The Heart of the Warrior
- Author: John Gregory Betancourt
- Language: English
- Series: Star Trek: Deep Space Nine
- Genre: Science fiction novel
- Publisher: Pocket Books
- Publication date: October 1996
- Publication place: United States
- Media type: Print (paperback)
- Pages: 274 pp
- ISBN: 0-671-88560-X (first edition, paperback)
- OCLC: 31315098
- Preceded by: Time's Enemy
- Followed by: Saratoga

= The Heart of the Warrior =

Book by John Gregory Betancourt

The Heart of the Warrior is a Star Trek: Deep Space Nine novel written by John Gregory Betancourt.
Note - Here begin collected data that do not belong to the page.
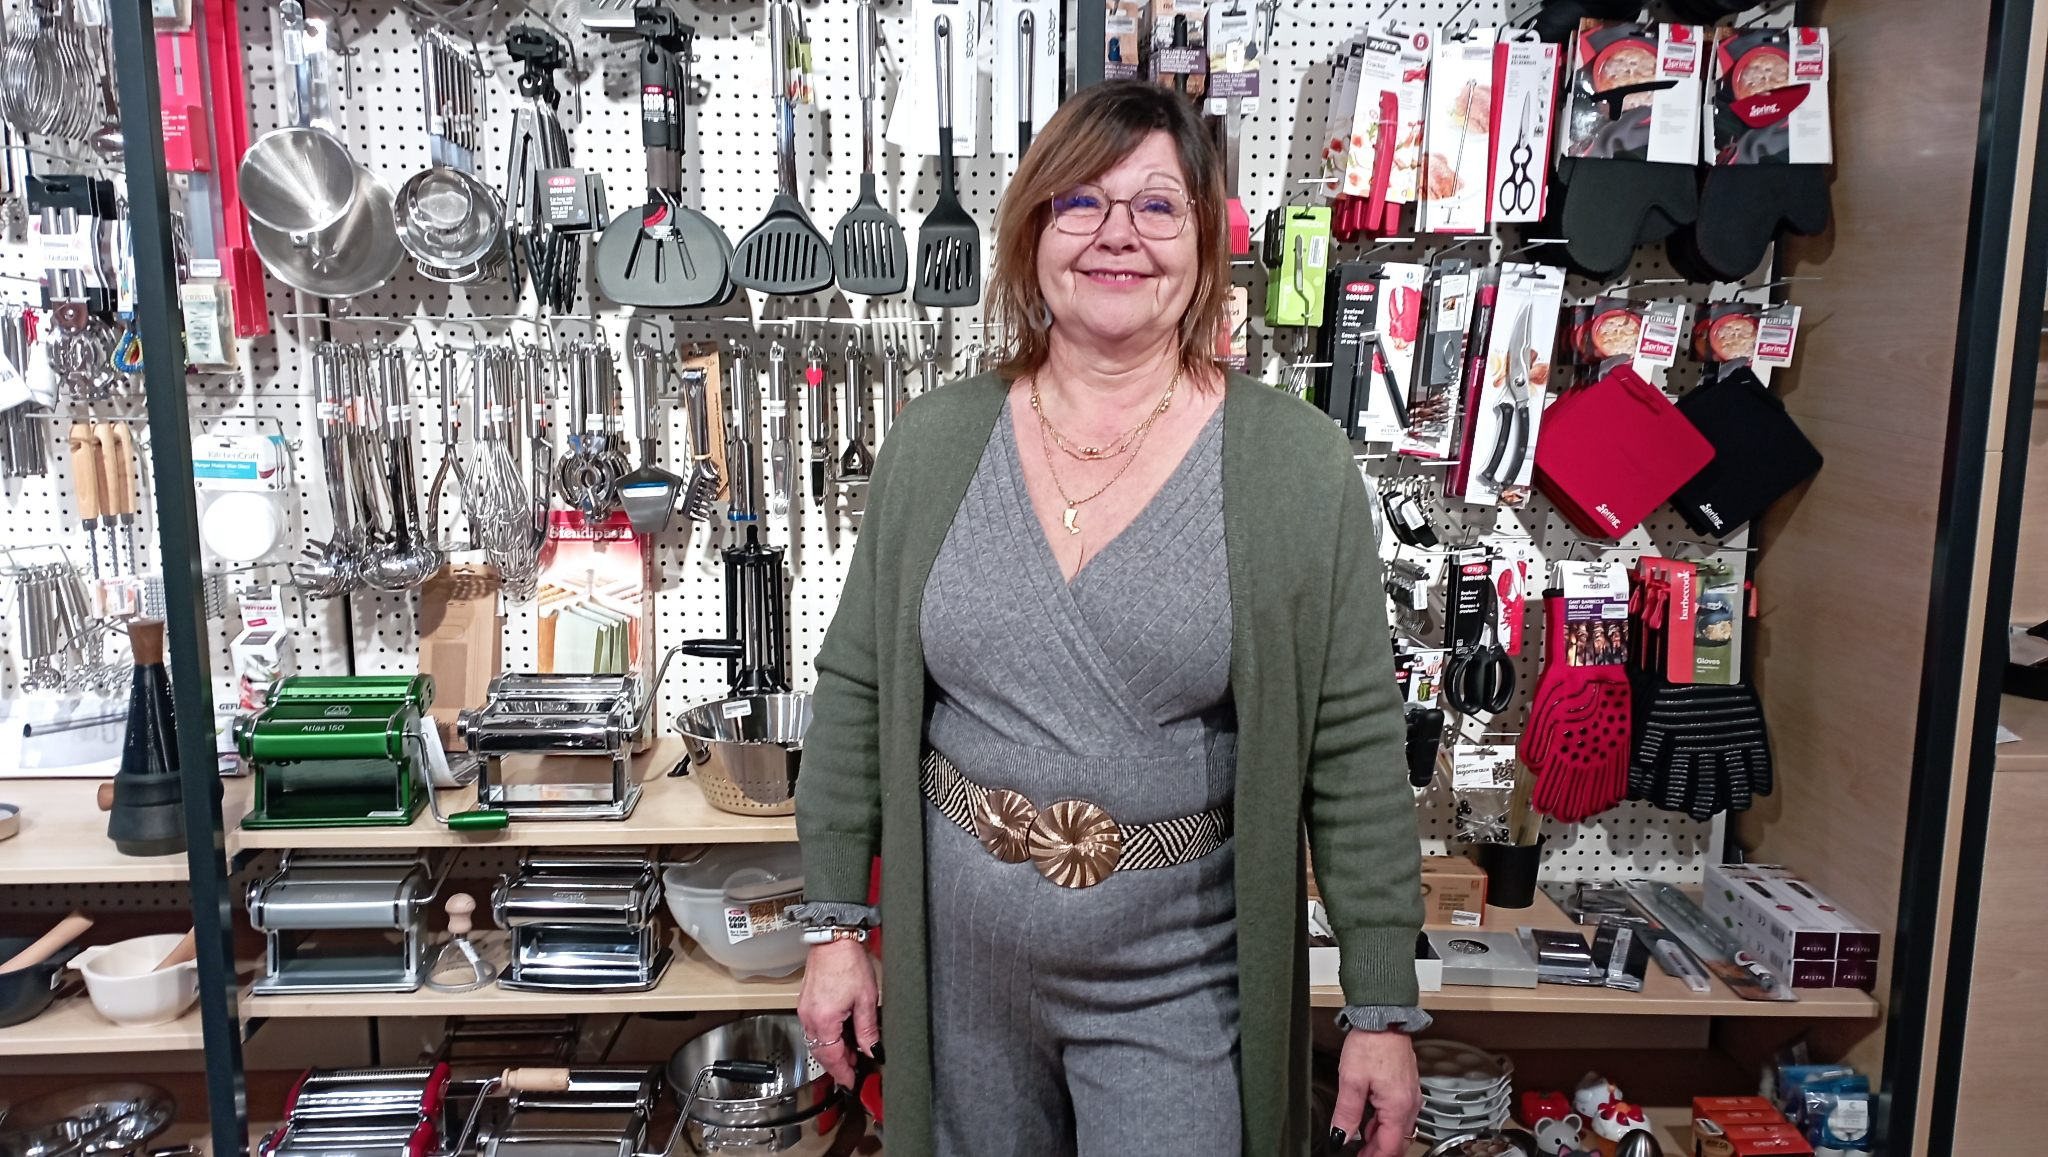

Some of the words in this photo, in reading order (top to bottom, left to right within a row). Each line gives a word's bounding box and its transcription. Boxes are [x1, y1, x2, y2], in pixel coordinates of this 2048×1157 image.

[966, 10, 975, 58] ARCOS
[1047, 8, 1056, 56] ARCOS
[1351, 284, 1370, 292] OXO
[1650, 315, 1675, 325] GRIPS
[1767, 318, 1791, 326] GRIPS
[1677, 569, 1690, 620] barbecook
In Voyages of Imagination, Betancourt remarked, "Worf has always been one of my favorite characters, and I wanted to write a book about him but set in the Dominion, where he would find a challenge to his hand-to-hand combat skills. Unfortunately, later seasons of DS9 developed the Founders and Dominion enough that my book is, ah, retroactively contradictory to the official universe in a number of places. Which is too bad because I think it's my best Trek novel."

== Plot ==
A crucial peace conference fills Deep Space Nine with intrigue. At the same time, Kira and Worf take a mission into enemy territory to discover the secrets of the chemical that controls the highly dangerous Jem'Hadar warriors. Odo may be their only hope of survival but he'll have to fight against his own people.